(Data records)
-=-=-
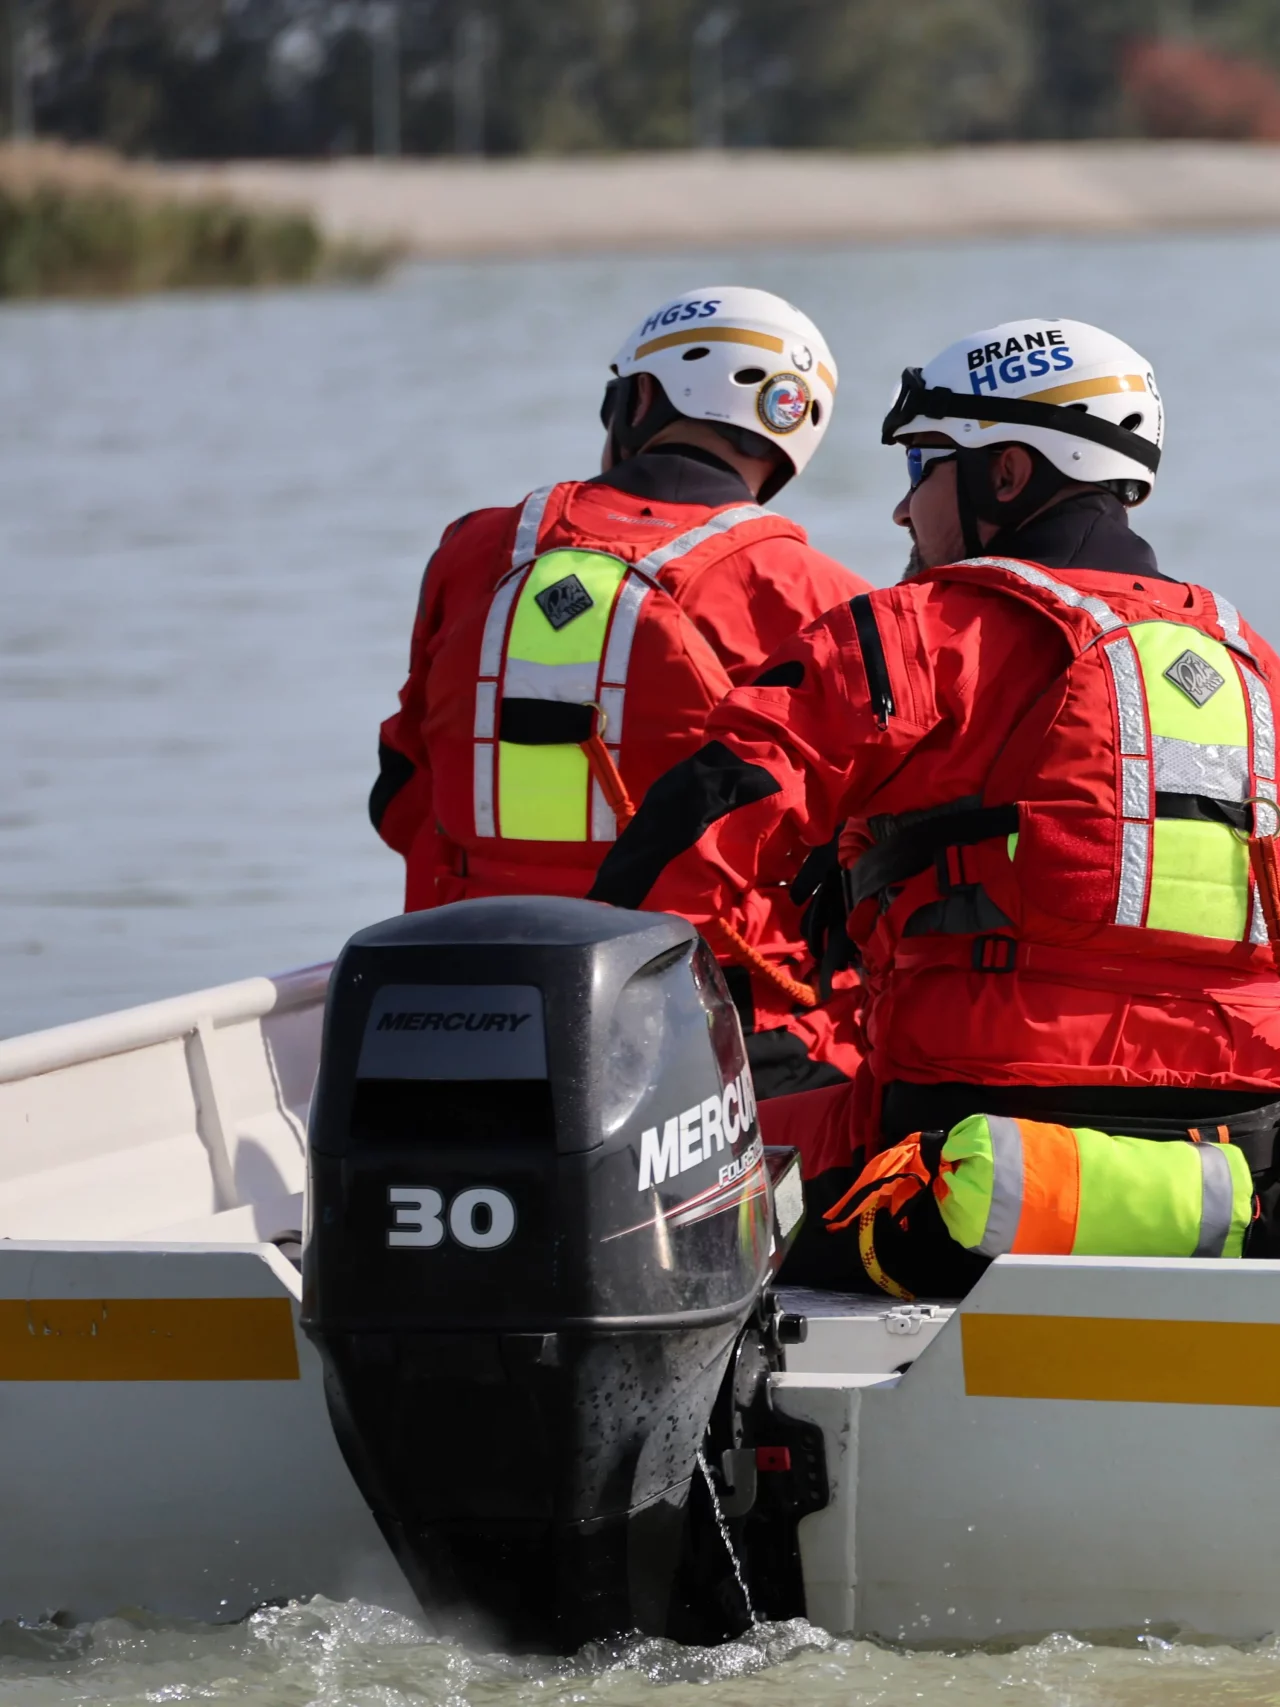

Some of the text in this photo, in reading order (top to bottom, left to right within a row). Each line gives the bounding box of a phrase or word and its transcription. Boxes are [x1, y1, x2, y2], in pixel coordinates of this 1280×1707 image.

[640, 300, 721, 336] HGSS
[967, 330, 1065, 370] BRANE
[969, 347, 1074, 395] HGSS
[376, 1012, 532, 1032] MERCURY
[638, 1060, 757, 1191] MERCUR
[388, 1186, 516, 1249] 30
-=-=-
◆ **WORK TO COMPLETE**
Only the text is to be copied: please reproduce the records exactly and drop the pictures.

◆ **EXERCISE RESPONSE**
Some of the text in this photo, in reading order (top to bottom, left to right within a row). Each line gives the bounding box of a phrase or word and its transcription. Boxes are [x1, y1, x2, y2], in pixel coordinates of this 1280×1707 image.

[640, 300, 721, 336] HGSS
[967, 330, 1065, 370] BRANE
[969, 347, 1074, 395] HGSS
[376, 1012, 532, 1032] MERCURY
[638, 1060, 757, 1191] MERCUR
[388, 1186, 516, 1249] 30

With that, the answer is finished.